While we can heave a sigh of relief that the NEPF will have to be reformulated, it is perhaps worth looking at some of the ideas that informed the NEPF process and draft. Dr. Sujata Gamage, one of the main public advocates of the NEPF, and a member of the drafting committee, has been pushing two connected ideas regarding education funding for several years now. Dr. Gamage’s writings and public appearances have put forward a critique of how we spend our education allocation in the country. Her principle claim is that our spending on HE relative to primary and secondary education, is too high. Dr. Gamage argues that we should therefore realign our education budget to reflect a greater emphasis on primary and secondary education that serves a larger segment of the population and has a greater ‘return on investment’(ROI). Dr. Gamage also claims that our spending on HE only yields individual ROI and does not yield an adequate social ROI, defined by her as the amount of tax that a person benefitting from HE pays back to the government. Given these two issues, Dr. Gamage advocates that the state should no longer increase its investment in HE and instead encourage private investment. Dr. Gamage also states that government support continues to be provided for HE only because self-interested public university students and teachers, together with other trade unions, engage in vilifying private investment in HE. These ideas are scattered throughout the NEPF as part of its framing language. (My characterization of Dr. Gamage’s position is drawn from her submission to the select committee in Parliament on expanding higher education opportunities, her conversation with Sonali Wanigabaduge on the News First TV programme The People’s Platform, and her columns in The Financial Times in 2021.)

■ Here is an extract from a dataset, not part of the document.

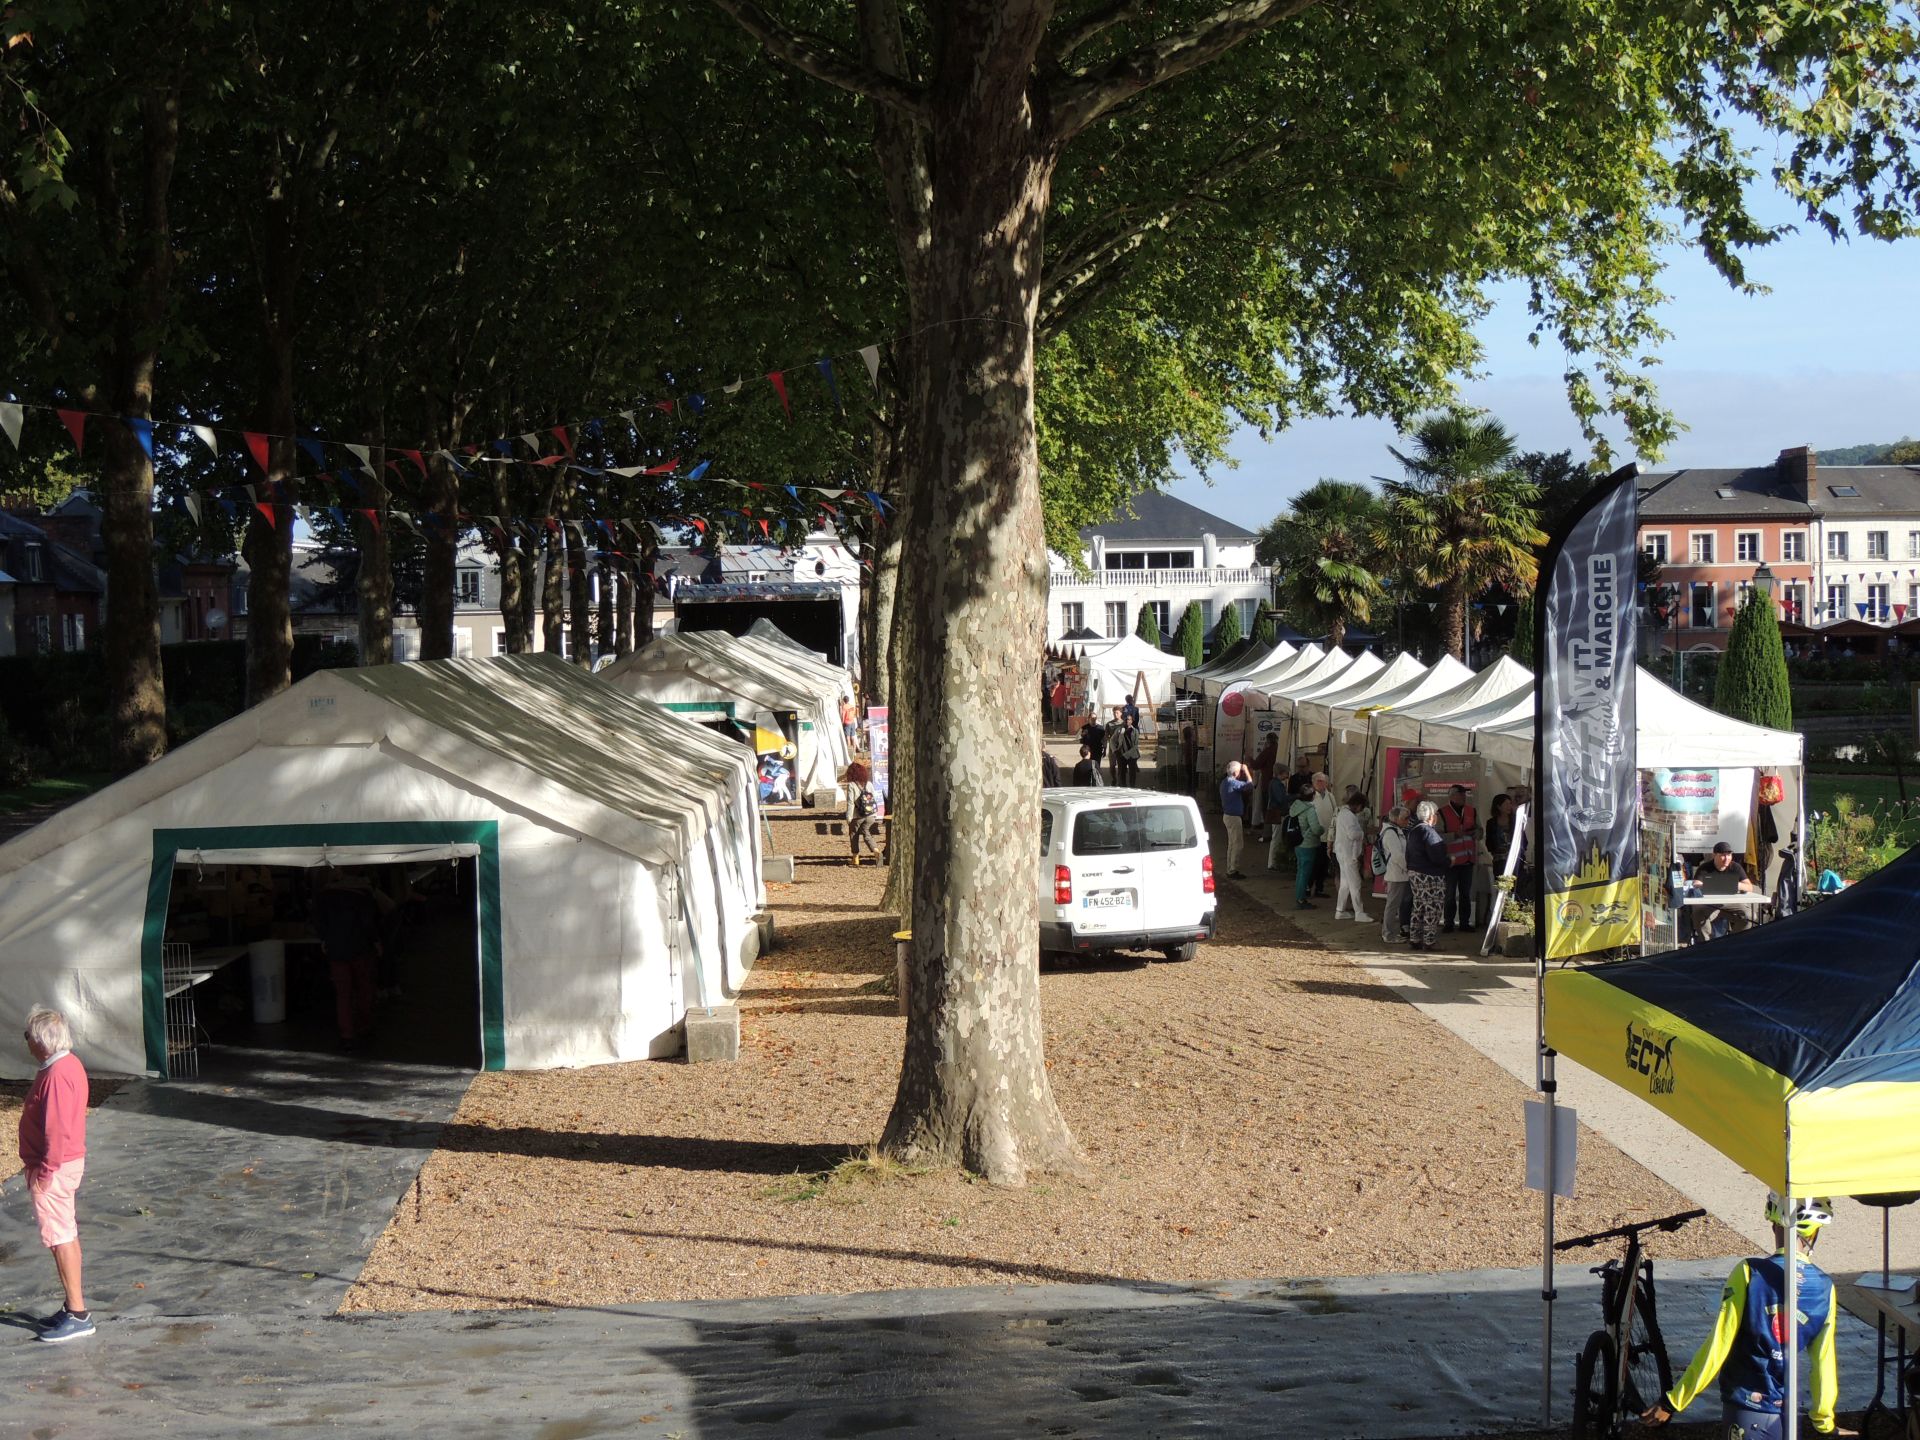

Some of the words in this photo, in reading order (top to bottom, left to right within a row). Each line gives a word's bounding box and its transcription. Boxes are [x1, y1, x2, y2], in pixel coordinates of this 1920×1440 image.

I would like to propose a critique of Dr. Gamage’s position while asking the following questions. Given that education spending in Sri Lanka is abysmally low across all sectors, why are we not calling for an increase in education spending in general? Why are we calling for more spending for school education while cutting HE funding? Does the current research on ROI and global policy on education really support such a position? And a question for another column, why is a critique of private investment in for-profit higher education not included in this discussion?

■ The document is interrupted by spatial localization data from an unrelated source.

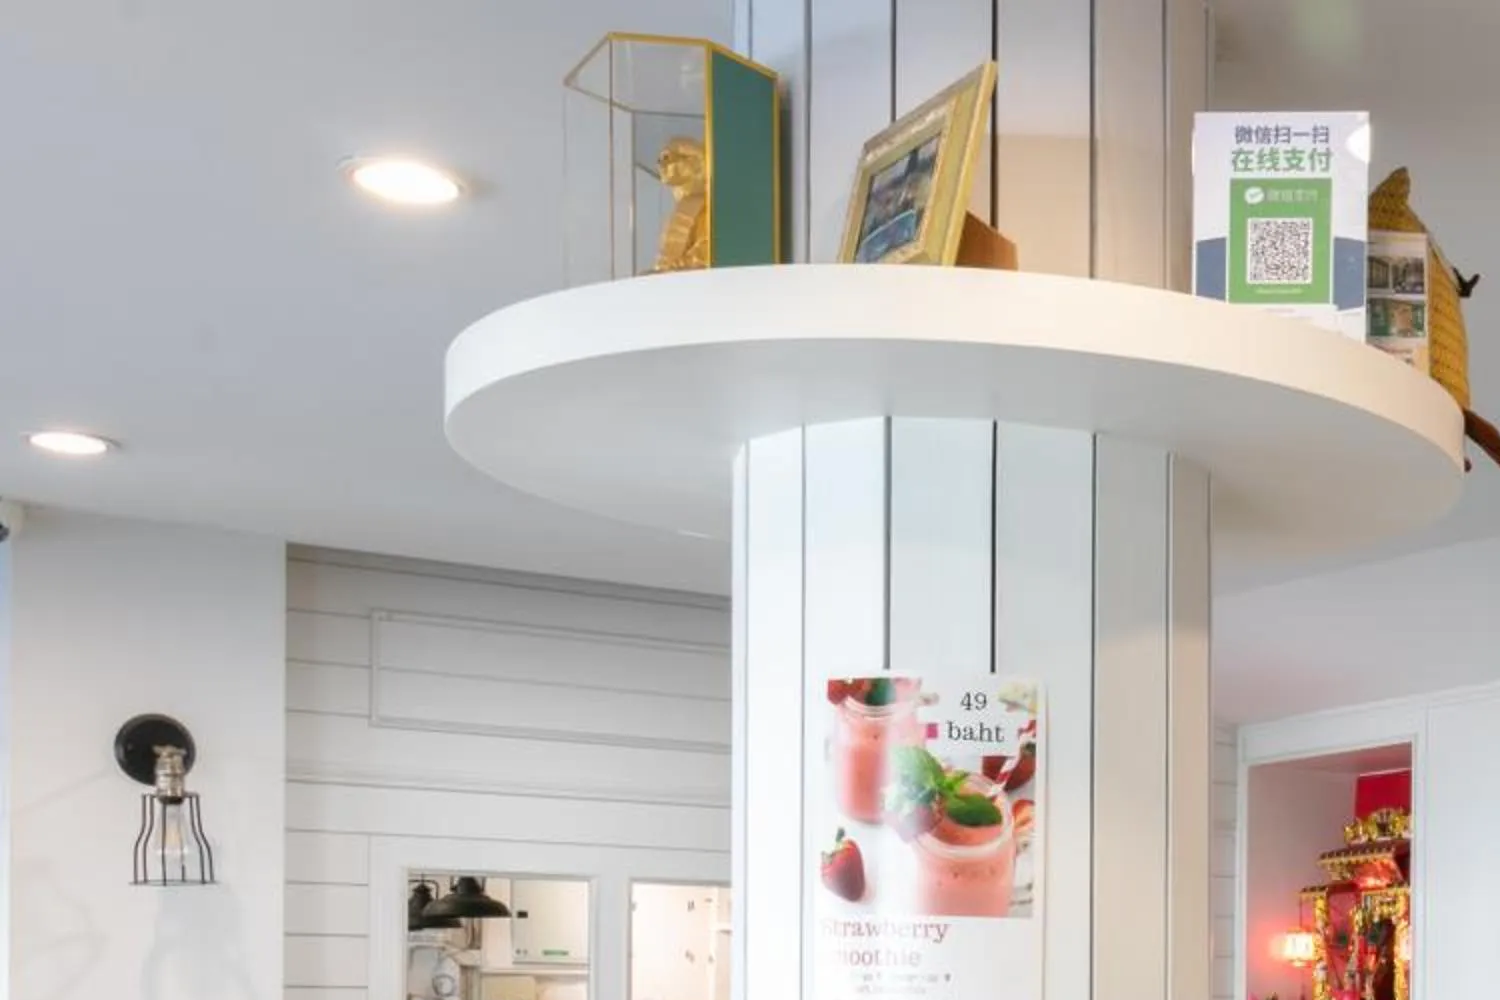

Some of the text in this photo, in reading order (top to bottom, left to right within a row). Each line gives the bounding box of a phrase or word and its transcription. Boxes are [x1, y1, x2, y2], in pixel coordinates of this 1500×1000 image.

[1234, 125, 1330, 145] 微信扫一扫
[1231, 147, 1333, 173] 在线支付
[959, 691, 988, 712] 49
[947, 720, 1005, 744] baht
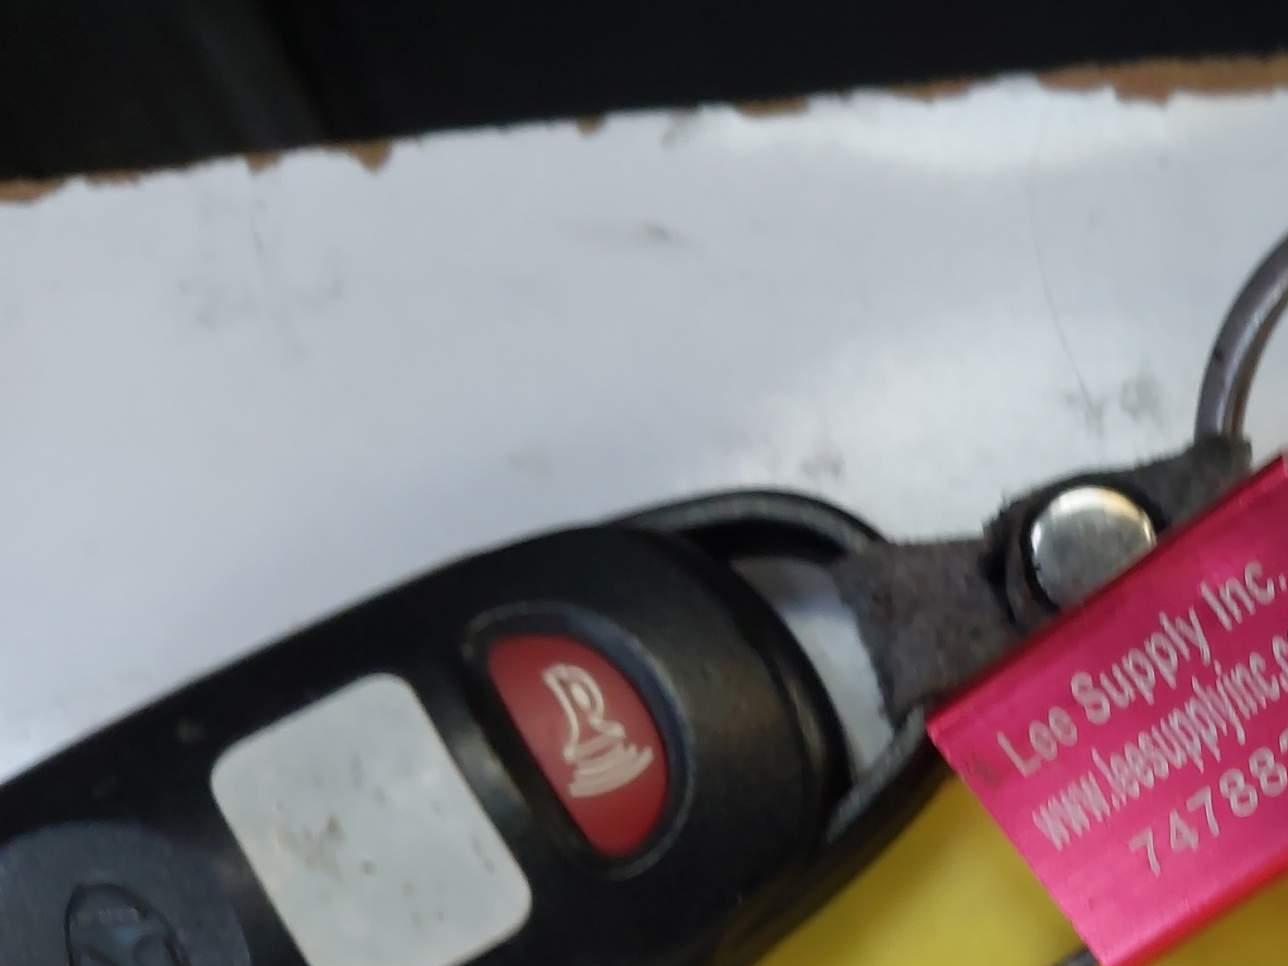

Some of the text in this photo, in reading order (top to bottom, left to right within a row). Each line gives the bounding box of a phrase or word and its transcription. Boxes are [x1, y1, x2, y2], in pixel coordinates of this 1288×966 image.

[997, 561, 1288, 777] Lee Supply Inc.

The discussion on ROI emerges from the theorization of education as the amassing of ‘Human Capital.’ Starting in the 1960s, economists Shultz, Becker and Minzer understood education spending as an investment, correlating years in education with improved earning capacity. The term Human Capital coined by economists initially referred solely to the monetary benefit brought both to the individual and society through education. ROI in education emerges from this discussion on human capital where a calculation is made with regards to the cost of education, and in the case of further education, the loss of earnings during the time of education compared with the earnings increase after completing one’s education. ROIs are discussed in terms of individual and social returns (SROI) and they are calculated differently. The Human Capital approach is fully integrated into the education policy discussion and has become the only way in which education is spoken about by powerful actors in the education sector. The World Bank has invested heavily, globally in the discussion. See https://www.worldbank.org/en/publication/human-capital. As Niyanthini Kadirgamar has discussed recently, there are many critiques of the claims of the Human Capital model and its continued use has required the addition of several qualifications.

The conversation in Sri Lanka on SROIs in education emerges from policy positions adopted by the World Bank based on the writings of George Psacharapoulos. Kaushalya Perera has traced the World Bank’s engagement with the concept of ROI in education to two review publications, one by Psacharapoulos (1985) and another by Psacharapoulos and Patrinos (2018). (See https://simplifyresearch.wordpress.com/2023/04/30/rois-in-education-what-are-they/). Psacharapoulos’ 1985 paper that used data from 61 countries concludes “Primary education is the most profitable educational investment opportunity, followed by secondary education.” On this basis Psacharapoulos recommends that states reduce subsidies on public HE and revert the funds to primary education. (He qualifies his 1985 claim by problematically stating that university is generally attended by those who can afford to pay). In the 2018 review including 169 countries, the recommendations are somewhat different as the data now show that while SROI on primary education is still the highest, SROI on tertiary education is significantly higher than SROI on secondary education.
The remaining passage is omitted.